Per-capita GDP in Brazil at the time was less than $5,000 per year. A starting salary at Microsoft was well into the six figures. While I expect that we were interviewing people from families who had enough wealth to afford good education, I still expected a Microsoft job would represent a life-changing amount of money and opportunity for these candidates. Clearly it was enough to them to make it worth leaving family and culture 7,000 miles behind. It altered my worldview to sit in a room with a stranger willing to sacrifice so much to gain what I already had.

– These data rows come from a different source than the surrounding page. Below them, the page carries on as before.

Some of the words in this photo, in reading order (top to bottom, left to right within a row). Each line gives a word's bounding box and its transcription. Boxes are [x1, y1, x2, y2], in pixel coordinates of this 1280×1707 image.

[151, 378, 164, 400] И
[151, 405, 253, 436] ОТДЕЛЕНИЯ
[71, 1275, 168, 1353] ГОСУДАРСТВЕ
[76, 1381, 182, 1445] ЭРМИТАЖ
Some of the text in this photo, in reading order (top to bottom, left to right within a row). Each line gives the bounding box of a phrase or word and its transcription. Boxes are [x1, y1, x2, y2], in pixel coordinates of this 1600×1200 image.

The second shift happened many years later, the year I turned 40. I was working for Facebook. Facebook’s Seattle office was on the 17th and 18th floors of the Metropolitan Park building, which itself was on the northern slope of Capitol Hill. A high floor in a high building gave our office an enviable view of Lake Union, Queen Anne hill, and slivers of Puget Sound and the Olympic Mountains. (This was before the Amazon-fueled building boom in South Lake Union brought a new crop of high-rise condominiums; today’s view from the same spot must be mostly glass and steel.) Milestone birthdays invite reflection, so as I stood looking over the distant water and mountains, I was also looking back on my life. That’s when I felt it, for the first time in my life: This is enough. I was a father to two young and healthy boys. Our family had just entered the golden period where we no longer had to worry about the kids dying from toddler stupidity but didn’t yet have to worry about them dying from teenage stupidity. I was married to a remarkable woman. My job was challenging and rewarding. This is enough. Though simple, it was a pretty big change in perspective. Before, it seemed that happiness was something that could only come later, after reaching whatever next milestone I was working for. After, I knew and believed this is enough and that happiness would come more from appreciating what I had than from striving for the next thing.

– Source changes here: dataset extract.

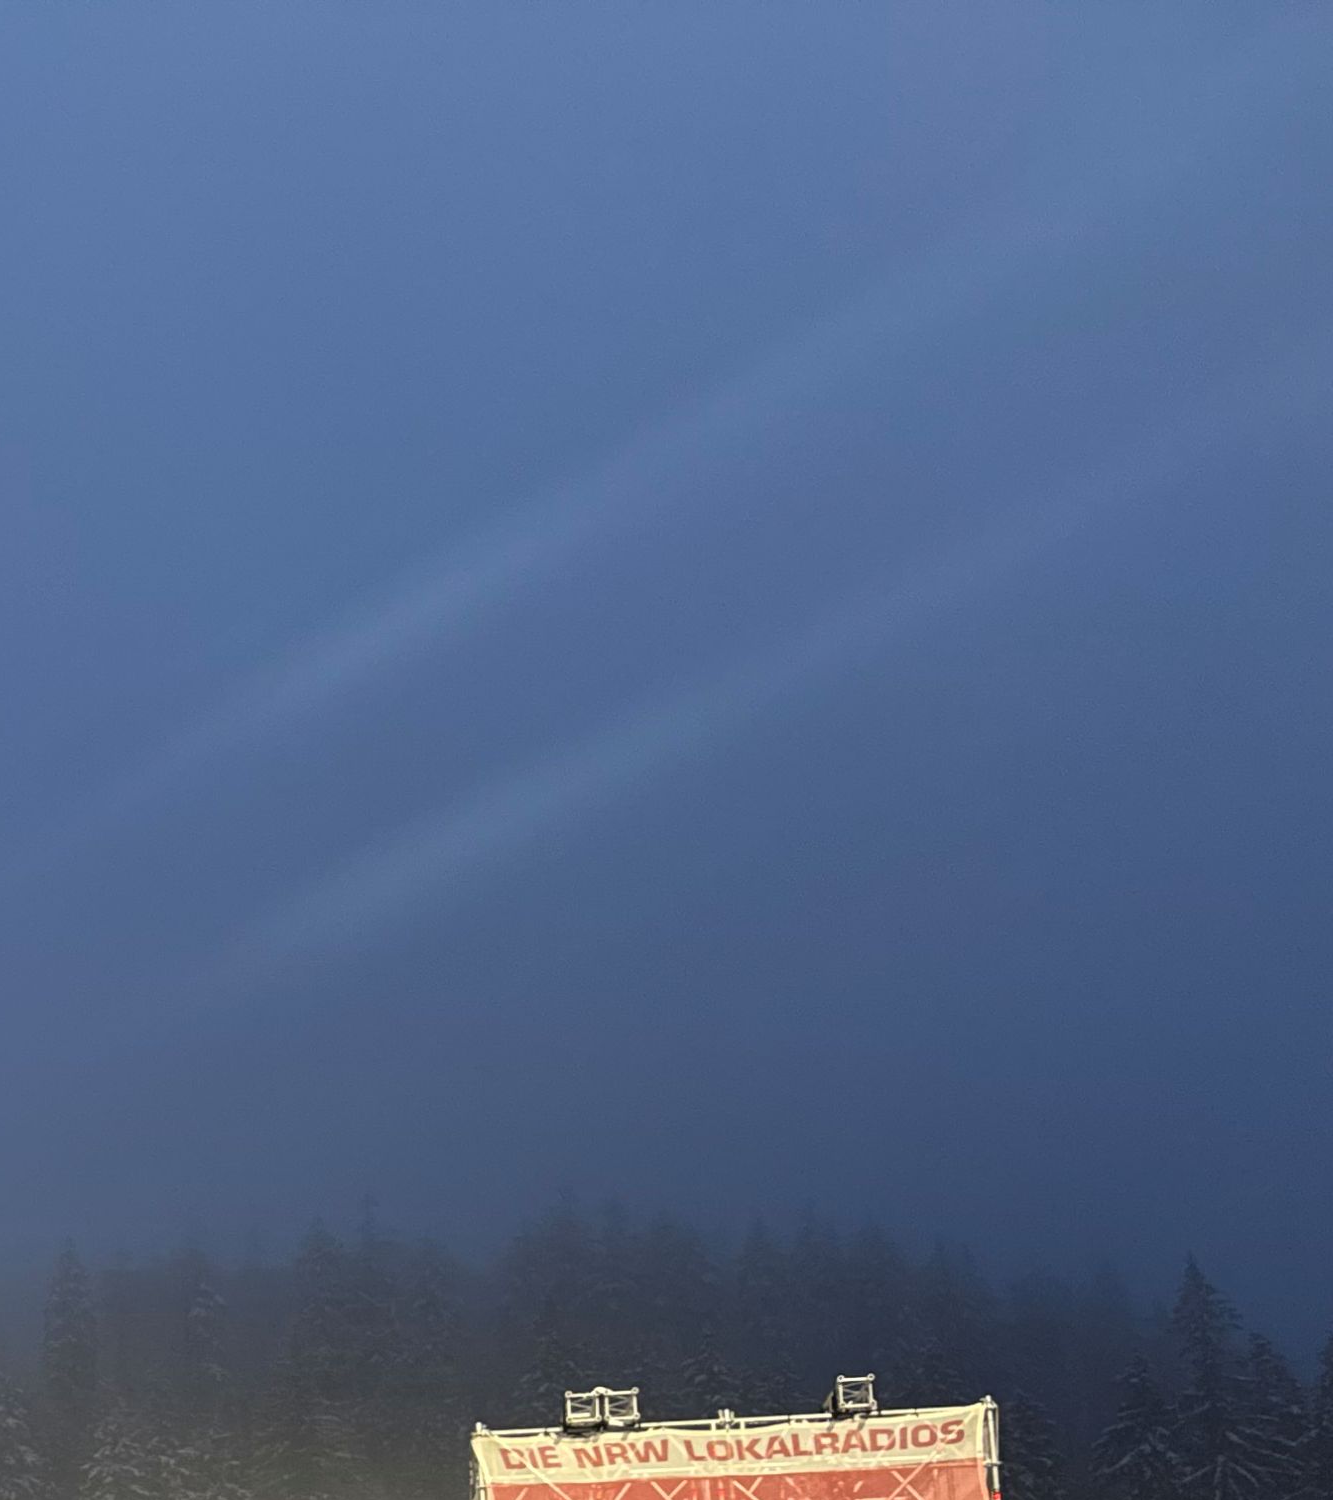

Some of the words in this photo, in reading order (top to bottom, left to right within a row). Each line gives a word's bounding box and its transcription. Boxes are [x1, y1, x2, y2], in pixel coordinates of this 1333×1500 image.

[502, 1445, 562, 1470] DIE
[572, 1438, 669, 1468] NRW
[683, 1418, 966, 1462] LOKALRADIOS

This is the great gift of age and experience: a perspective that sees more than the simple ambitions of Silicon Valley. Yes, I’m still energized each day trying to figure out new ways to use technology to make high-quality education universally available. Yes, I’m still trying to get better at my job. But the perspective of age gives me a solid foundation of contentment to balance the ambition of the tech industry. I am grounded now. This is enough.